Trade bodies press for subsidies, staffing and rent safeguards before Budget

Singapore’s main business groups have delivered a familiar yet urgent wishlist ahead of the Feb 12 Budget. They call for cost relief, access to more workers – including foreign hires – and checks on sharp rent hikes by landlords. Their papers also push longer-horizon moves such as an “IP financing hub” to help firms borrow against patents and other intangible assets, plus targeted schemes for seniors and foreign-talent integration. The submissions closed on Jan 12 under the Finance Ministry’s consultation.
What companies want this year
Across sectors, towkays asked for subsidies to defray operating costs, better manpower access, and measures to temper rent escalation in malls and industrial sites. Trade bodies also bundled proposals on decarbonisation incentives, overseas expansion support, and consolidation pathways for weaker firms so capital and talent can move to stronger players. These asks echo past cycles but reflect tighter margins and fast tech shifts.
SBF and ASME outline a bigger playbook
The Singapore Business Federation and Association of Small & Medium Enterprises (ASME) proposed developing Singapore into an IP financing hub, alongside AI adoption grants and tailored SME assistance. They also back incentives to hire senior workers and measures to better integrate complementary foreign talent. Media briefings and papers list a central digital IP registry, enhancements to the PSG, and tools to help firms scale abroad. In short, the push mixes near-term relief with moves to lift productivity and growth.
Retailers’ pain points and the rent debate
The Singapore Retailers Association highlights costs, manpower shortages and competitive pressure from overseas and online rivals. Retail groups seek sustained support and clearer guardrails on rent increases, arguing smaller chains lack bargaining power. Their messages, including remarks by SRA president Ernie Koh, underline a split focus: immediate relief for the next two to three years, and strategic upgrades for the longer term. (“Rent control” here refers to policy tools that slow or cap landlord increases; business groups are asking for safeguards rather than permanent hard caps.)

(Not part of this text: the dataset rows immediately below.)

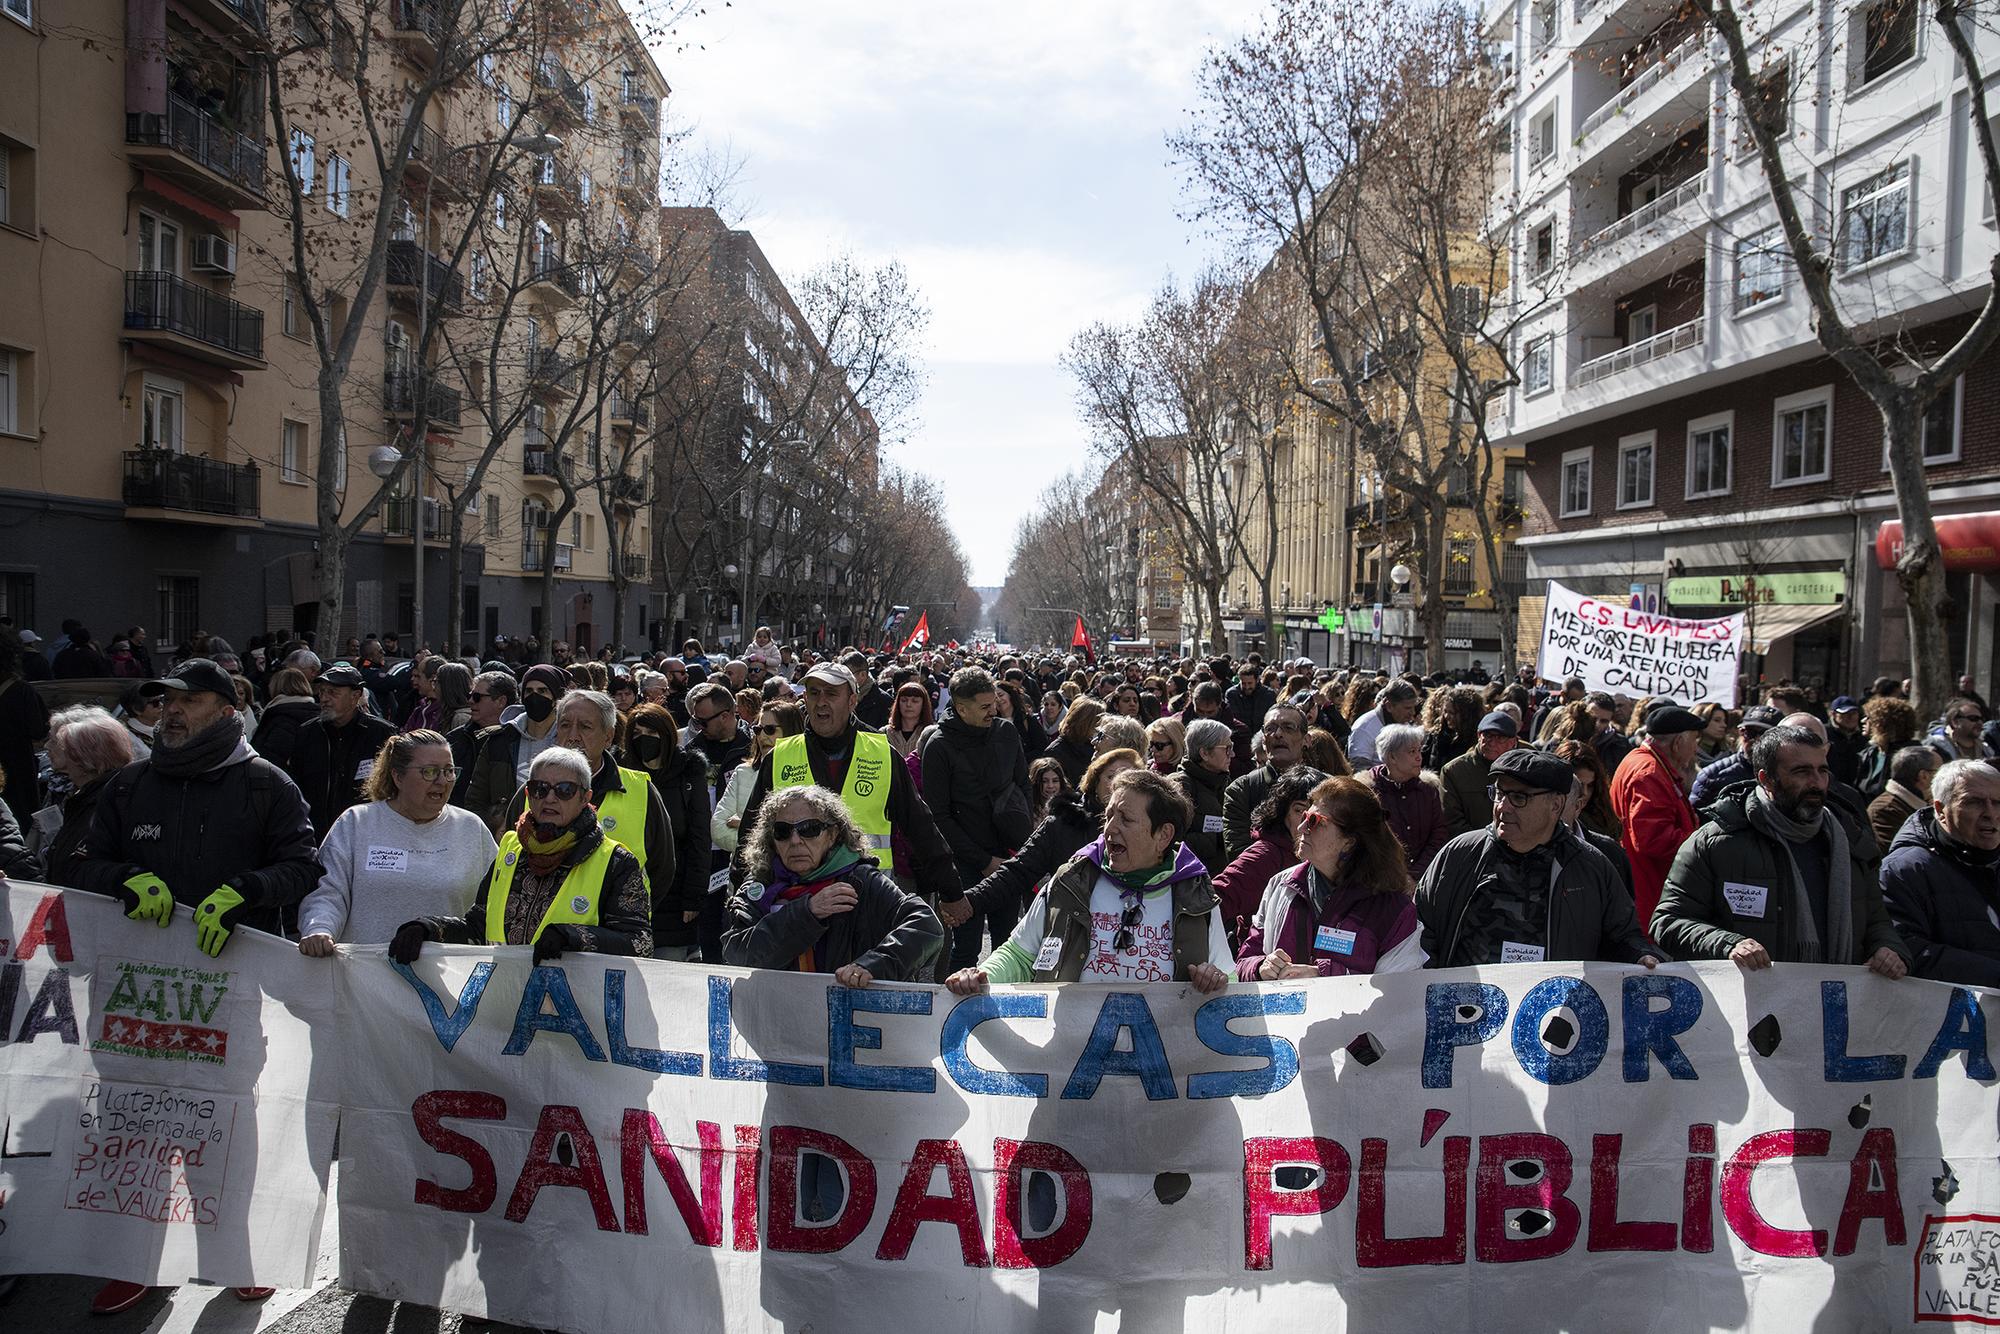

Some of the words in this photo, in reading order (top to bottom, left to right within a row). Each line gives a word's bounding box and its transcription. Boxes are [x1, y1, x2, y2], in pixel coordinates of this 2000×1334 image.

[1578, 601, 1615, 626] C.S.
[1549, 629, 1579, 654] POR
[1584, 643, 1614, 664] UNA
[1629, 633, 1656, 656] EN
[1663, 636, 1737, 662] HUELGA
[1562, 656, 1588, 679] DE
[859, 783, 870, 793] VK
[1083, 961, 1120, 976] ARA
[390, 960, 1307, 1101] VALLECAS
[1421, 975, 1704, 1089] POR
[1820, 980, 1998, 1082] LA
[86, 1083, 215, 1119] Plataforma
[80, 1112, 102, 1129] en
[109, 1112, 185, 1138] Defensa
[186, 1120, 205, 1141] de
[208, 1121, 223, 1144] la
[78, 1133, 207, 1168] Sanidad
[77, 1183, 106, 1209] de
[113, 1187, 218, 1225] VALLEKAS
[1921, 1252, 1943, 1266] POR
[1950, 1252, 1966, 1264] LA
[1925, 1288, 2000, 1315] VALLE

Manpower: seniors, skills and foreign hires
Employer bodies want incentives to retain and hire senior workers, plus smoother access to skilled foreign staff to plug gaps while locals upskill. The Singapore National Employers Federation has urged measures to manage manpower costs while lifting productivity. In parallel, SBF–PwC proposals include “fractional work” options and training support to spread AI and digital tools across SMEs. The thrust is to protect competitiveness without freezing labour market renewal.
Overseas push and industry consolidation
Given the home market’s size, trade chambers want stronger help for firms to enter regional markets and for orderly consolidation where needed. That includes export development, financing, and guidance for mergers so assets and workers shift to better-performing businesses. An IP financing hub and carbon-market tools are pitched as backbone enablers for innovation-led growth beyond Singapore.
What happens next
Budget Day falls on Feb 12. Businesses will watch for cost relief, manpower levers, and any move on rent safeguards. They will also track whether the Government backs the IP financing hub and AI booster ideas. Trade leaders say apex chambers set the longer-term direction while industry associations push for immediate fixes – a division of labour that shapes every Budget season.
In sum, the 2026 wishlist marries short-term cushioning with structural bets: lower costs now, better skills and hiring flexibility soon, and deeper capital tools for innovation. Whether the final package delivers on both tracks will determine how fast SMEs adapt to technological change and tougher regional competition.